Devorah A. Lieberman is Vice Provost and Special Assistant to the President at Portland State University. She received her PhD (1984) in lntercultural Communication. She directs the Center for Academic Excellence that supports all areas of teaching/learning, community-university partnerships, and assessment. She is also responsible for four campus-wide Presidential Initiatives: Assessment, Student Advising, Diversity, and Internationalizing the campus. Her scholarly research interests include institutional change, the scholarship of teaching/learning, teaching/learning and technology, and intercultural communication. Her participation in Al Guskin’s Project for the Future of Higher Education is helping shape her current research agenda and scholarly activities.

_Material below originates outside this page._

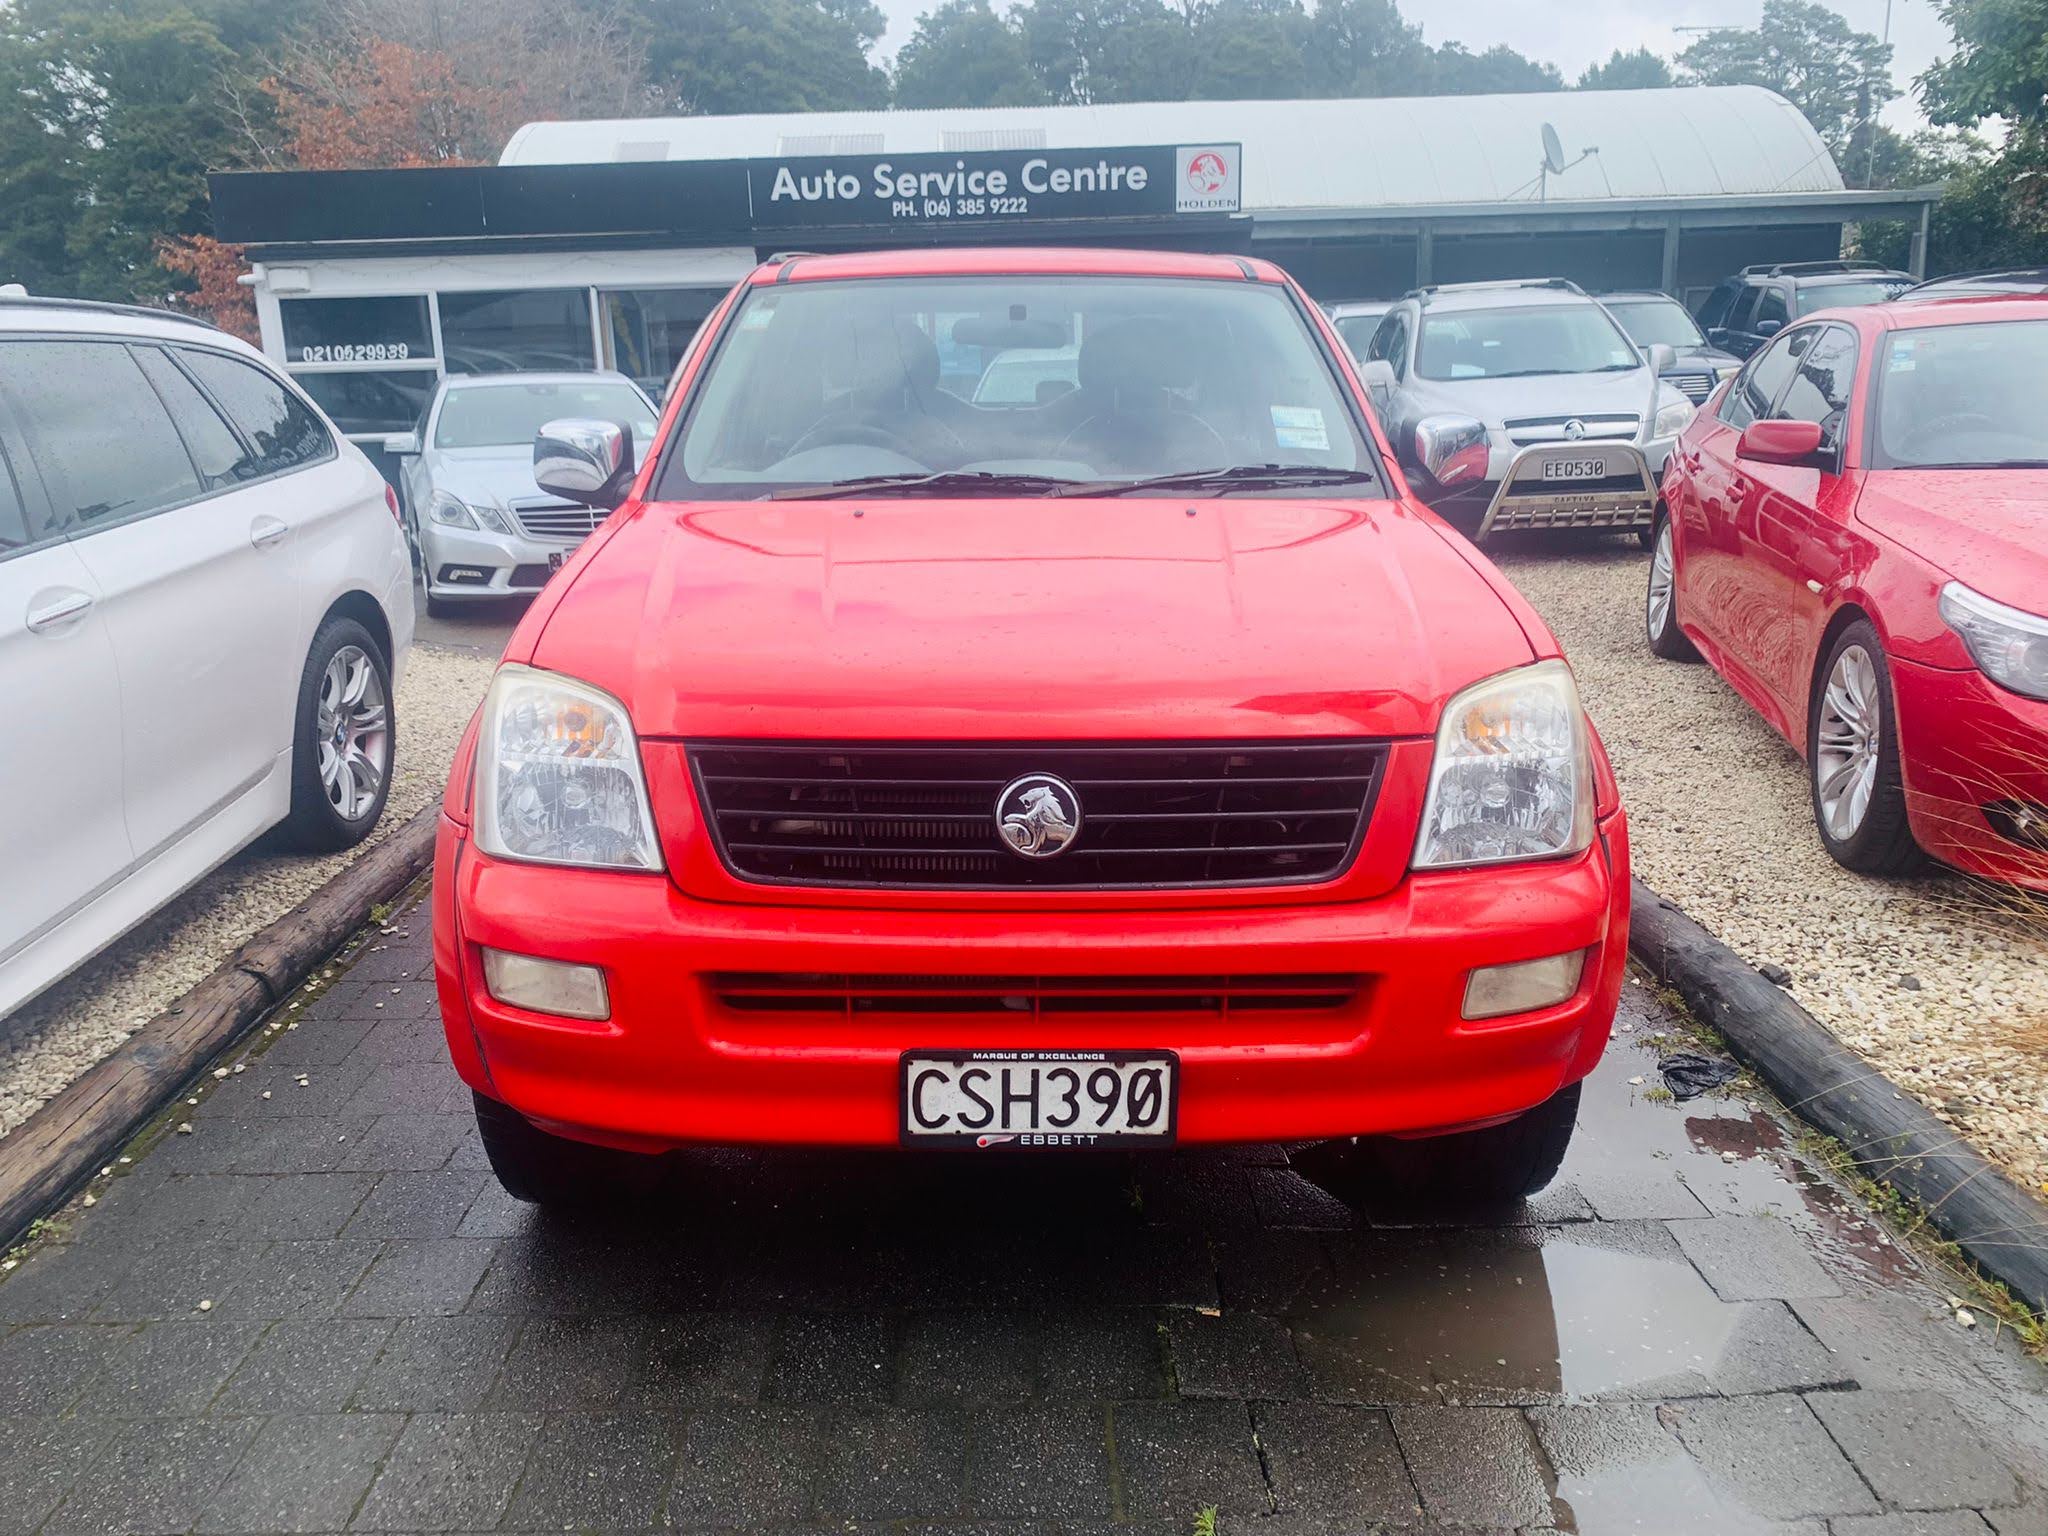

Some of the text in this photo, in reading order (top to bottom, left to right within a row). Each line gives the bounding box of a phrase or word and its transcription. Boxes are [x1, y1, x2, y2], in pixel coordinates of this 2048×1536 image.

Alan E. Guskin became Distinguished University Professor and University President Emeritus of Antioch University on October I, 1997. He has served as president and chancellor of two universities (Antioch University from 1985 to 1997 and the University of Wisconsin, Parkside from 1975 to 1985) and has held faculty positions at the University of Michigan as well the University of Wisconsin, Parkside and Antioch University. He is presently co-directing the Project on the Future of Higher Education, which, along with 14 leading thinkers and practitioners, is developing new models for the future of undergraduate education. He recently received the 2001 Morris T. Keeton Award from the Council on Adult and Experiential Learning “for his long and noteworthy history in higher education as an administrator, teacher, writer, consultant, and speaker and his demonstrated commitment to student learning and innovation and change in higher education.”